Warning: file_get_contents(http://www.futureofthebook.org/commentpress/downloads/version.php) [function.file-get-contents]: failed to open stream: HTTP request failed! HTTP/1.1 404 Not Found in /home/spo/scholarlypublishing.org/jpwilkin/wp-content/themes/commentpress/functions.php on line 583
John Wilkin’s blog » Our hidden digital libraries

Two of my very talented colleagues, Kat Hagedorn and Josh Santelli, just published a nice piece in D-Lib entitled "Google Still Not Indexing Hidden Web URLs." Kat and Josh and I have discussed this problem off and on, stimulated in part by our frustrations in getting the OAI data collected by OAIster into search services like Google.

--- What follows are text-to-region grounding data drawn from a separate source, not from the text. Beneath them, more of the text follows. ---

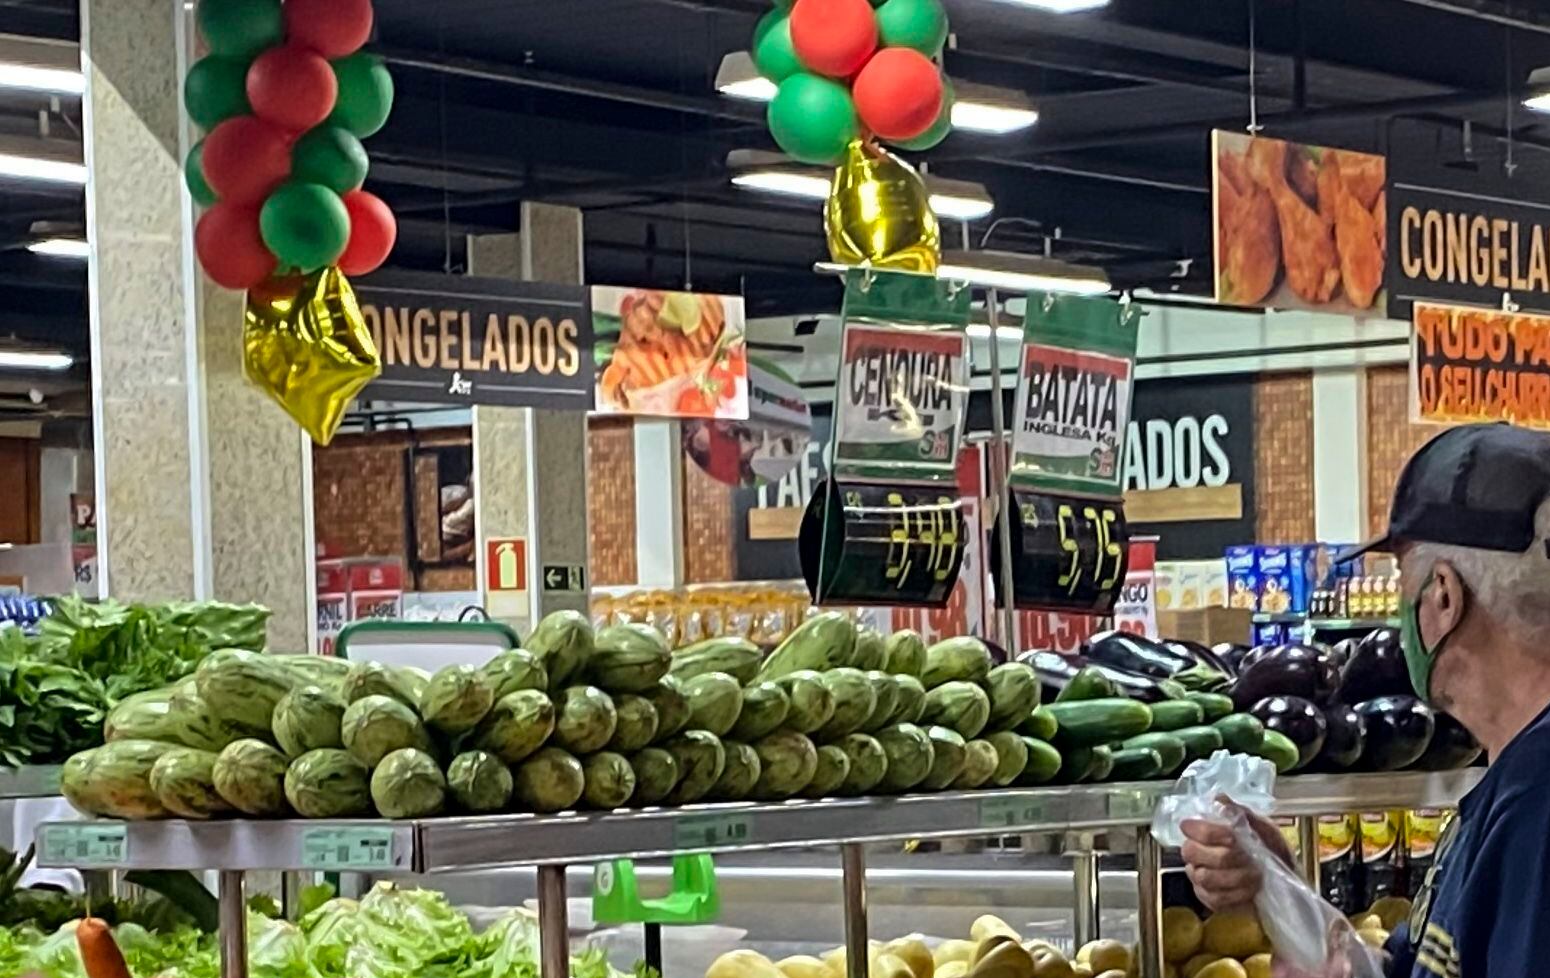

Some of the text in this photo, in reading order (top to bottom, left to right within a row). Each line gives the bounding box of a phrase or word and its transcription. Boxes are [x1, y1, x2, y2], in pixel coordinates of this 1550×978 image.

[361, 304, 580, 377] ONGELADOS
[1416, 309, 1507, 364] TUDO
[850, 347, 951, 411] CENOURA
[1025, 361, 1118, 432] BATATA
[1421, 362, 1435, 413] O
[1437, 364, 1482, 417] SEU
[1024, 419, 1090, 443] INGLESA
[1122, 413, 1231, 491] ADOS

In preparation for a recent talk in China (the challenges and opportunities for digital libraries), I talked to Kat and Josh about the extent of OAIster data not findable through standard web searches. That so much of our digital library content is not findable through standard search engines has always been a troublesome issue, and I would have expected that with the passage of time, this particular problem have been solved. It hasn't, and that has made me wonder about what we do in digital libraries and how we do it.

Kat's and Josh's numbers are compelling. OAIster focuses on the hidden web--resources not typically stored as files in a crawlable web directory--and so OAIster, with its 16 million records, is a particularly good resource for finding digital library resources. Kat and Josh conclude that more than 55% of the content in OAIster can't be found in Google.


1

As much as I like Kat's and Josh's analysis, I draw a different conclusion from the data. They write that, "[g]iven the resulting numbers from our investigation, it seems that Google needs to do much more to gather hidden resources." This perspective is one many of us share. We're inclined to point a finger at Google (or other search engines) and wish they tried harder to look into our arcane systems. We believe that if only Google and others had a deeper appreciation of our content or tried harder, this problem would go away. I've been fortunate enough to be able to try to advance this argument one-on-one with the heads of Google and Google Scholar, and their responses are similar--too much trouble for the value of the content. As time has passed, I've come to agree.


2

Complexity in digital library resources is at the heart of our work, and is frankly one reason why many of us find the work so interesting. Anyone who thinks that the best way to store the 400,000 pages (140+ million words) of the texts in the Patrologia Latina is as a bunch of static web pages knows nothing of the uses or users of that resource or what's involved in managing it. Similarly, to effectively manage the tens of thousands of records for a run-of-the-mill image collection, you can't store them as individual HTML pages lacking well-defined fields and relationships. These things are obvious to people in our profession.

We often go wrong, however, when we try to share our love of complexity with the consumers. We've come to understand that success in building our systems involves making complicated uses possible without at the same time requiring the user to have a complicated understanding of the resource. What we must also learn is that a simplified rendering of the content, so that it can be easily found by the search engines, is not an unfortunate compromise, but rather a necessary part of our work.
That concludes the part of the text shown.